__INSTRUCTIONS TO FOLLOW__.
Beginning with the first entry, restate the data word for word and leave out the images.

Dataset entries:
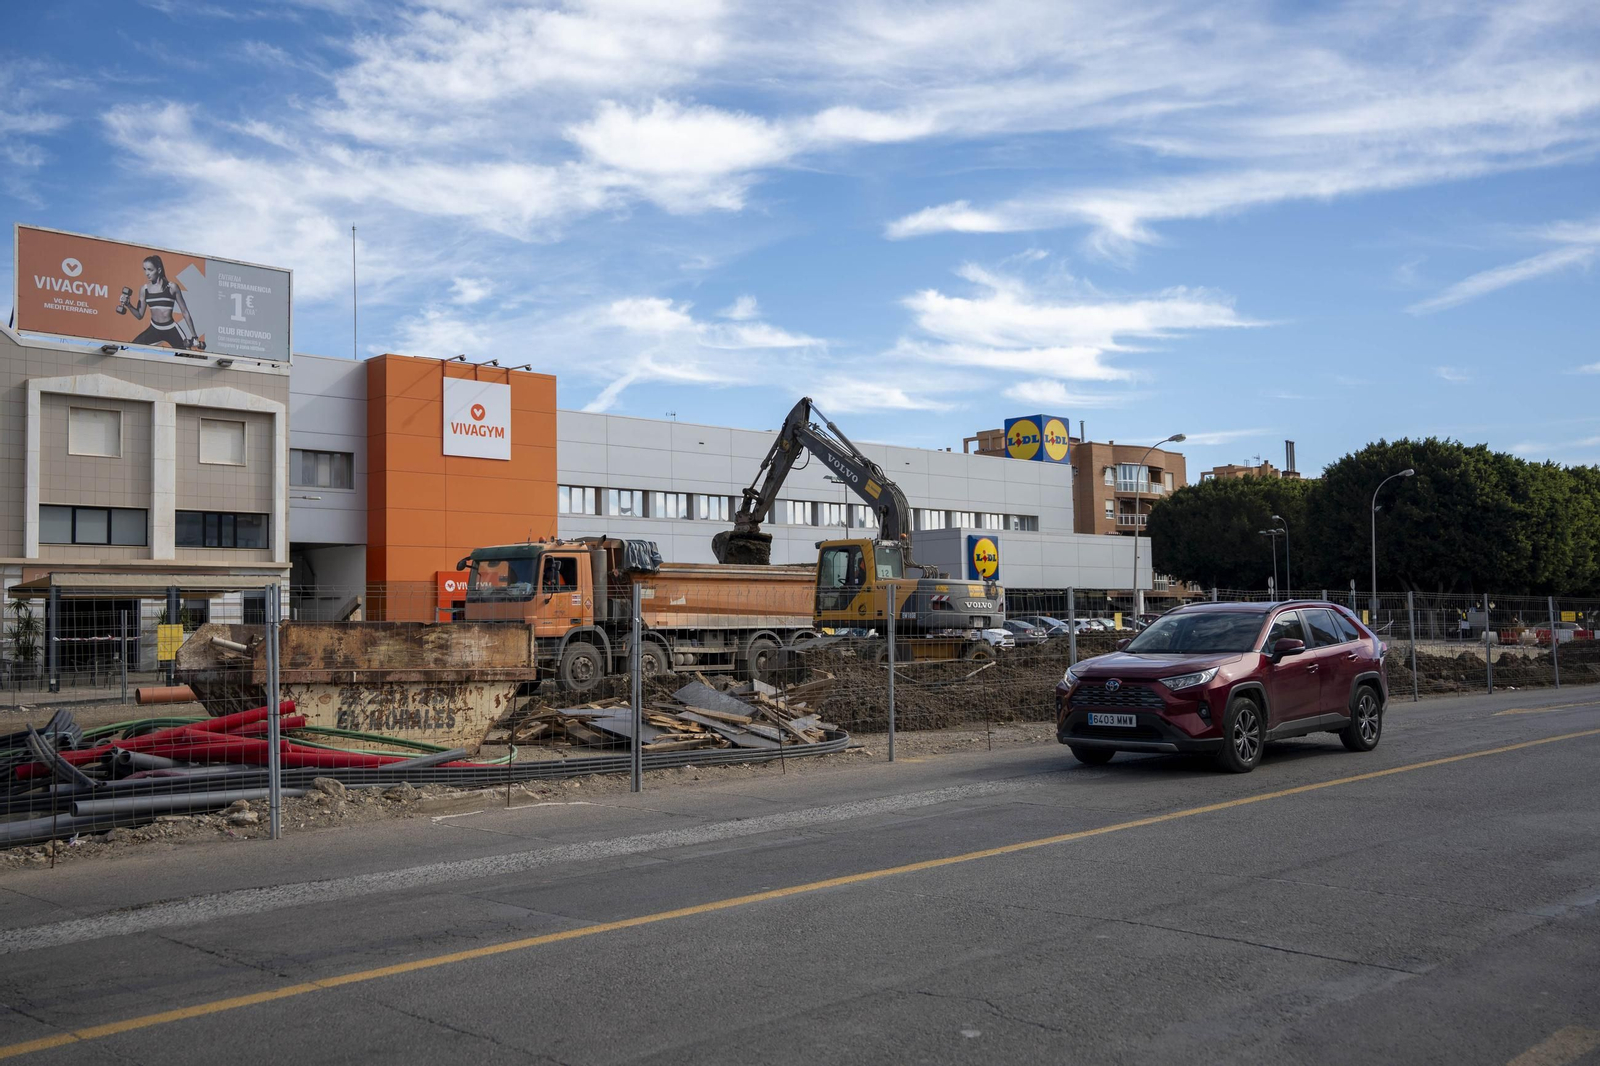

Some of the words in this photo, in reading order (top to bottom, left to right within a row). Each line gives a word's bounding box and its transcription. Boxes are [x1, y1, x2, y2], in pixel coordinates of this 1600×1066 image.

[34, 275, 108, 298] VIVAGYM
[230, 282, 272, 294] PERMANENCIA
[218, 326, 235, 335] CLUB
[236, 328, 271, 340] RENOVADO
[451, 422, 504, 439] VIVAGYM
[828, 453, 858, 482] VOLVO
[1094, 715, 1114, 724] 6403
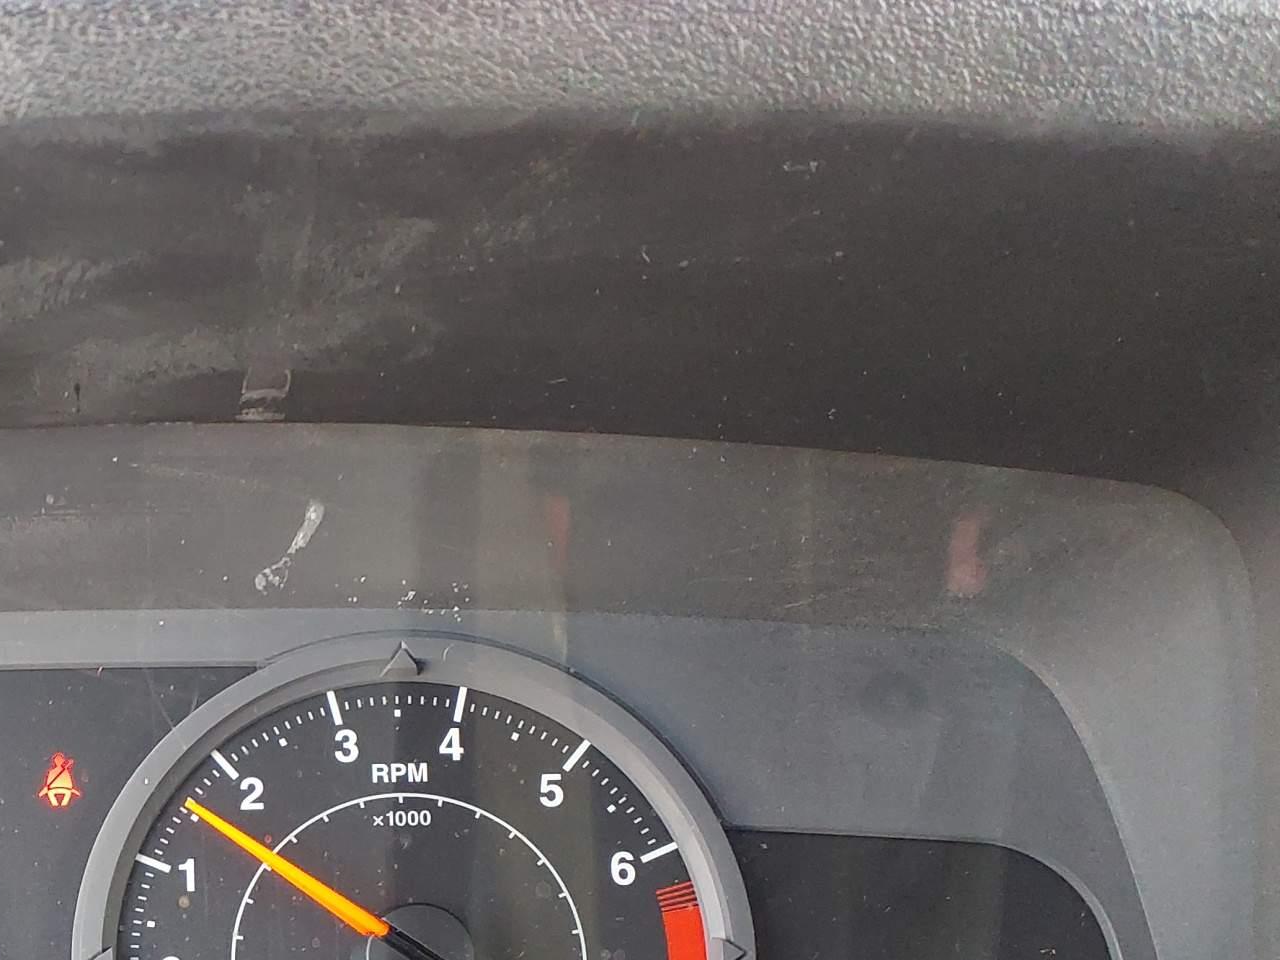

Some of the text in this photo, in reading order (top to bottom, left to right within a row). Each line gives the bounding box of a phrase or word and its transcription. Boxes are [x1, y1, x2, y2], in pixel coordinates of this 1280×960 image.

[334, 728, 359, 763] 3
[439, 727, 465, 761] 4
[371, 763, 428, 783] RPM
[539, 773, 563, 807] 5
[240, 777, 265, 810] 2
[178, 859, 196, 892] 1
[610, 851, 636, 886] 6
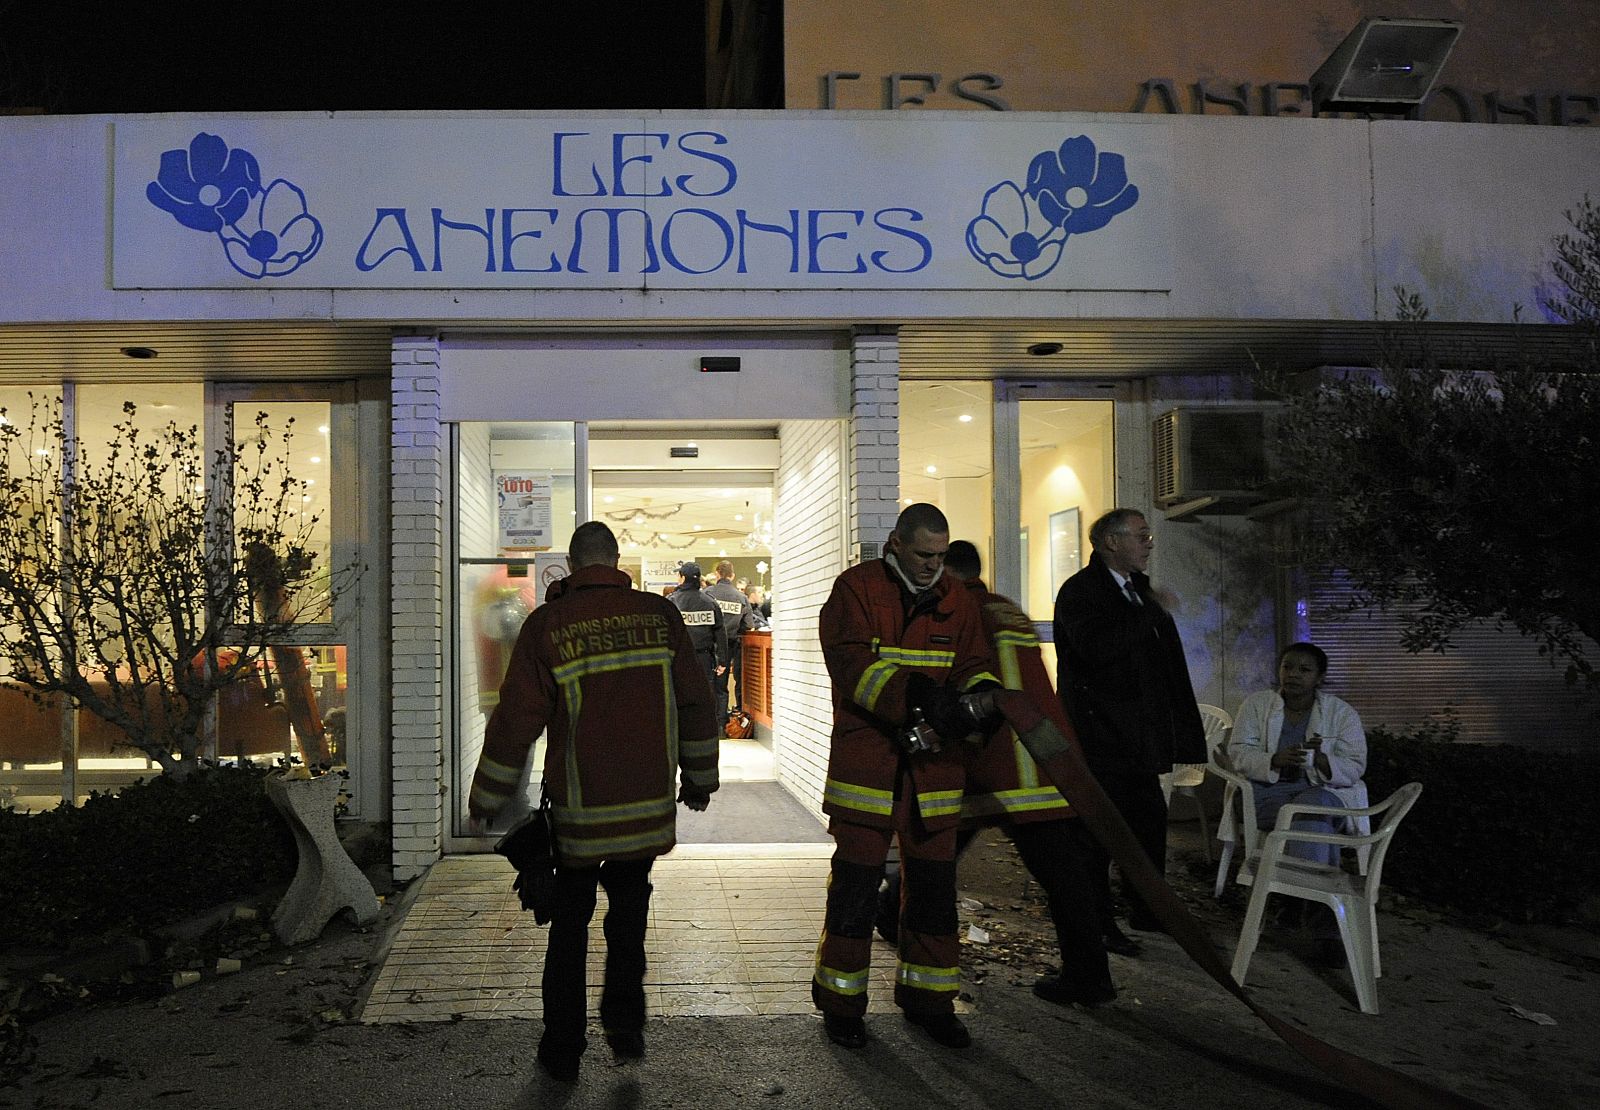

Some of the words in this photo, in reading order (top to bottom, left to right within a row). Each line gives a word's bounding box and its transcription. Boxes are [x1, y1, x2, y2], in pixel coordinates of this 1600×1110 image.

__ANSWER BOX__.
Some of the words in this photo, in reading order (top to bottom, left to right within a row). Each line gives a word's bounding box and its transcription. Boxes are [x1, y1, x2, y2], in pixel coordinates of this 1600×1066 image.

[34, 275, 108, 298] VIVAGYM
[230, 282, 272, 294] PERMANENCIA
[218, 326, 235, 335] CLUB
[236, 328, 271, 340] RENOVADO
[451, 422, 504, 439] VIVAGYM
[828, 453, 858, 482] VOLVO
[1094, 715, 1114, 724] 6403

Some of the text in this photo, in reading order (top to bottom, left to right within a row). Each line gives the bounding box of a phrase or word and its transcription. Boxes are [x1, y1, x2, y2], in pixel coordinates of this 1280×960 image.

[334, 728, 359, 763] 3
[439, 727, 465, 761] 4
[371, 763, 428, 783] RPM
[539, 773, 563, 807] 5
[240, 777, 265, 810] 2
[178, 859, 196, 892] 1
[610, 851, 636, 886] 6

Some of the words in this photo, in reading order (top to bottom, left to right within a row). Each line gives a word's bounding box and its transcription. Boxes are [x1, y1, x2, y2], in pixel coordinates of this 1600×1110 image.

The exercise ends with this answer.